Não existem dados provenientes de pesquisas confiáveis, mas é relativamente seguro afirmar que, no Brasil, é incomum consultar um advogado para decidir qual o regime de bens mais adequado para cada casamento. Por isso, é natural que determinadas situações enfrentadas pelo casal levem ao questionamento do regime inicialmente escolhido. Além disso, a estrutura patrimonial da família costuma se alterar com o tempo.
Por fim, o Superior Tribunal de Justiça (STJ) tem fixado entendimentos que, eventualmente, podem divergir daqueles que fundamentaram decisões tomadas no passado.
Felizmente, é possível alterar o regime de bens do casamento a qualquer tempo, desde que haja acordo entre as partes e não haja prejuízo a terceiros. É nesse contexto que se afirma ser recomendável revisar o regime de bens do casamento, a fim de confirmar se, ao final da união (seja por morte ou divórcio), o patrimônio será partilhado e destinado conforme a vontade de cada cônjuge ou companheiro.
Recentemente, o STJ entendeu que créditos decorrentes de fatos ocorridos durante o casamento devem ser partilhados, mesmo após o divórcio, ainda que o reconhecimento judicial ocorra anos depois. Isso significa que, a depender do caso e do regime de bens, o ex-cônjuge que obtiver êxito em uma ação judicial e tiver direito a receber valores relativos a fatos ou atos praticados durante o casamento — já encerrado — poderá ser obrigado a dividir cada valor recebido. Provavelmente, essa partilha não era esperada por esse ex-cônjuge.
São muitos os exemplos que surpreendem diversos casais: a necessidade (ou não) de partilhar determinados investimentos ou fundos de previdência (privada ou complementar); o direito do cônjuge de receber metade de um prêmio (de loteria ou qualquer outro, grande ou pequeno); a comunicação de herança recebida em determinadas hipóteses; a responsabilização de patrimônio particular em razão de garantias pessoais prestadas.

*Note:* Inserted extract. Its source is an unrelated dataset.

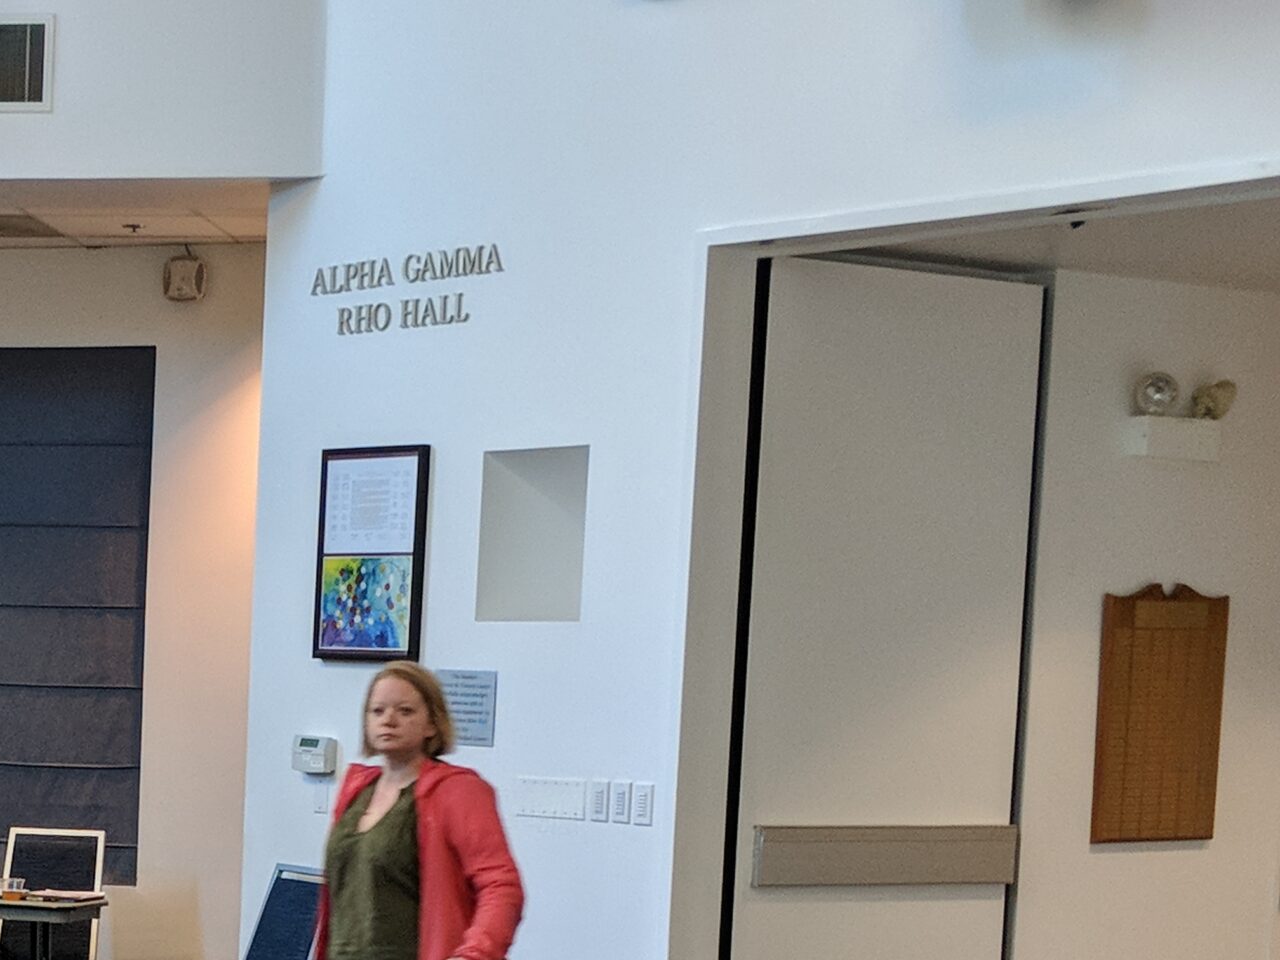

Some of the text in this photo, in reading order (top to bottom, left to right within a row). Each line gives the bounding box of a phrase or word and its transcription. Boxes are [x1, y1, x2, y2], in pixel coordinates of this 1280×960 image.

O fato é que, mesmo quando o regime de bens tenha sido escolhido com cautela, após consulta a um advogado e com a elaboração cuidadosa de pacto antenupcial devidamente lavrado e registrado, as mudanças na dinâmica profissional e patrimonial da família — e/ou da jurisprudência — recomendam uma revisão do regime. O objetivo é garantir que o resultado de uma eventual partilha esteja alinhado com os desejos dos cônjuges.
Acrescenta-se a esse cenário a reforma tributária e as potenciais mudanças no Código Civil previstas para os próximos meses, e chega-se à conclusão de que nunca foi tão importante repensar a organização patrimonial da família.
Aqueles que vivem em união estável estão submetidos à mesma realidade.